● ABOUT THIS TASK
Leave every picture out, and retype all the remaining records exactly.

===== RECORD EXCERPTS

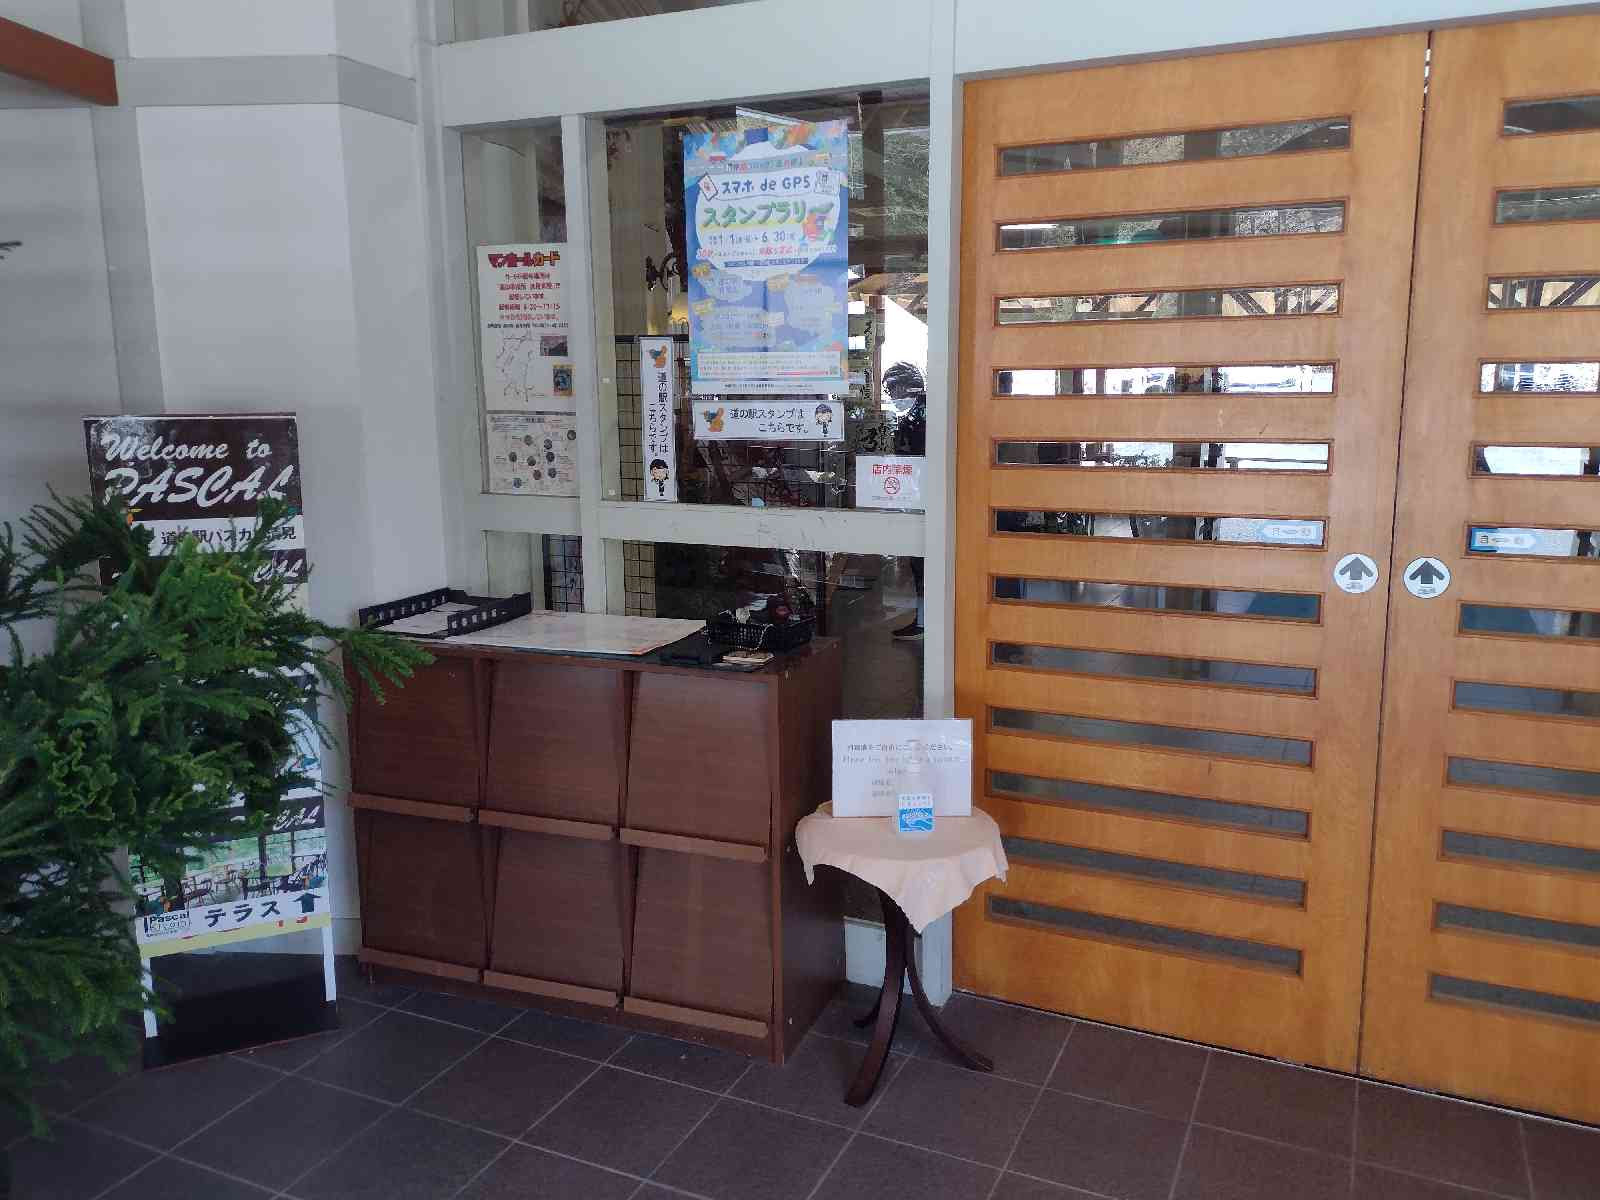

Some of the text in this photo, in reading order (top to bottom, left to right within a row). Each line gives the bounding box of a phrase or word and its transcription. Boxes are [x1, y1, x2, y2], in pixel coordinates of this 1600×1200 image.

[722, 176, 811, 194] スマホ de GPS
[703, 199, 836, 228] スタンプラリー
[656, 372, 669, 453] 道の駅スタンプは
[729, 407, 805, 420] 道の駅スタンプは
[648, 402, 658, 457] こちらです。
[758, 422, 809, 435] こちらです。
[100, 434, 273, 462] Welcome to
[103, 464, 294, 508] PASCAL
[150, 910, 190, 928] Pascal
[204, 900, 281, 928] テラス
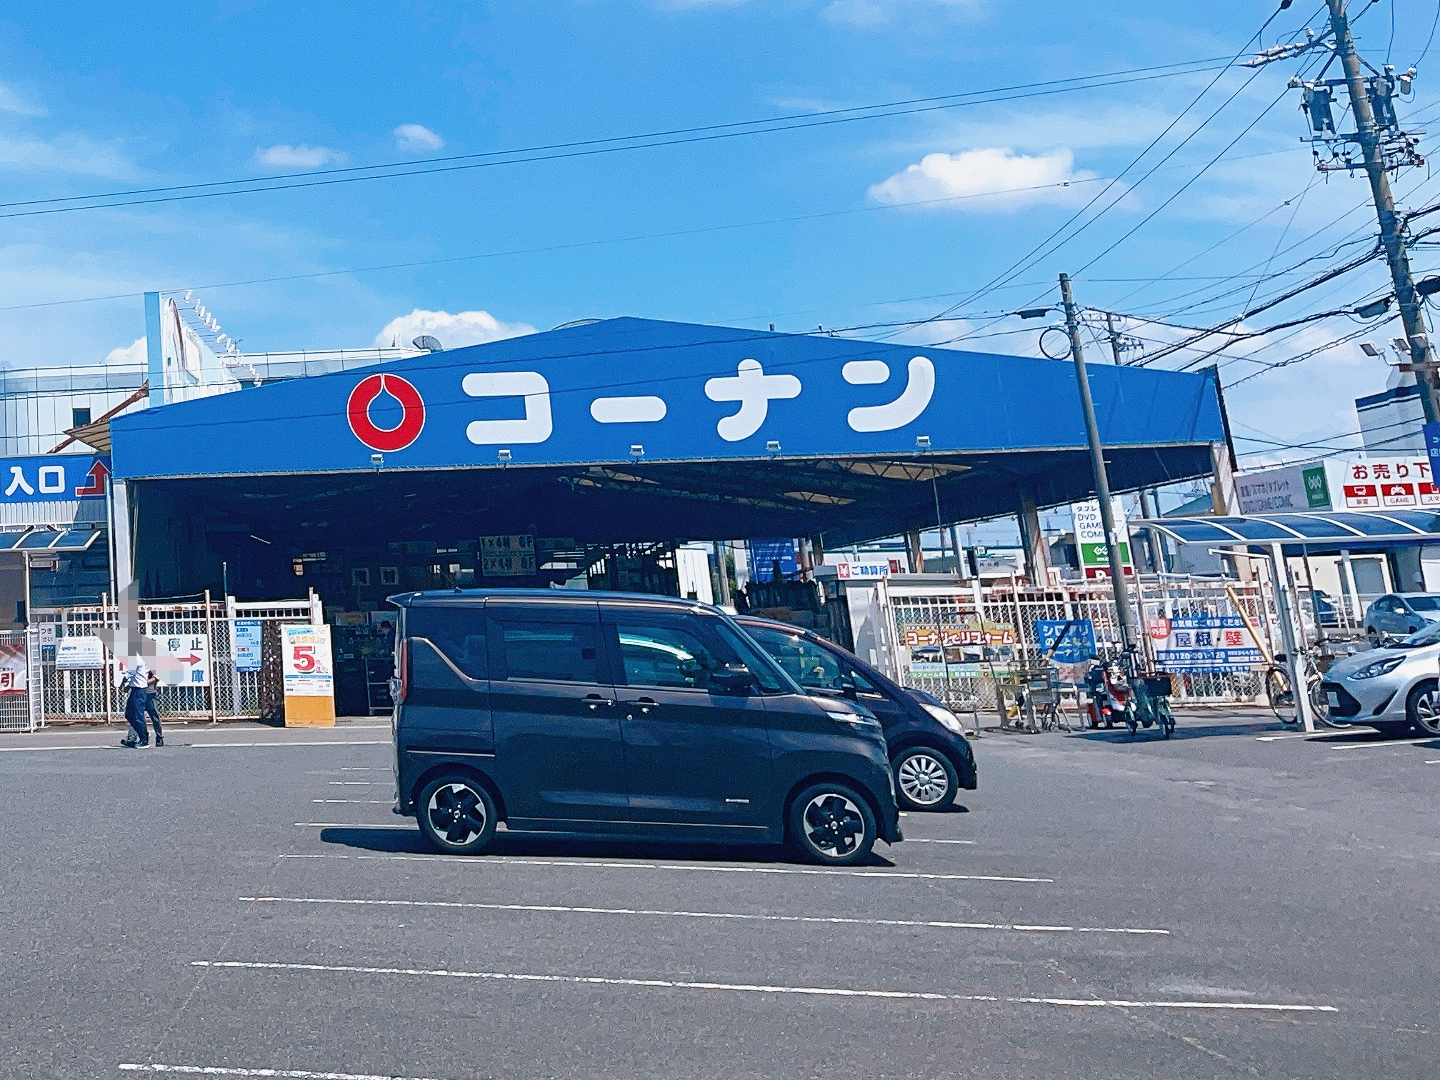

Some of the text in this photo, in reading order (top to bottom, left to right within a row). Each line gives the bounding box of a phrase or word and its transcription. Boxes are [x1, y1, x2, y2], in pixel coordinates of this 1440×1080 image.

==========

● TASK RESPONSE
Some of the text in this photo, in reading order (top to bottom, left to right within a row). Each line gives the bounding box of a phrase or word and its transcription. Boxes are [x1, y1, x2, y2], in pixel coordinates of this 1600×1200 image.

[722, 176, 811, 194] スマホ de GPS
[703, 199, 836, 228] スタンプラリー
[656, 372, 669, 453] 道の駅スタンプは
[729, 407, 805, 420] 道の駅スタンプは
[648, 402, 658, 457] こちらです。
[758, 422, 809, 435] こちらです。
[100, 434, 273, 462] Welcome to
[103, 464, 294, 508] PASCAL
[150, 910, 190, 928] Pascal
[204, 900, 281, 928] テラス

Some of the text in this photo, in reading order (top to bottom, left to right within a row). Each line gives the bounding box of a phrase or word and its transcription. Boxes are [x1, y1, x2, y2], in pixel coordinates of this 1440×1080 image.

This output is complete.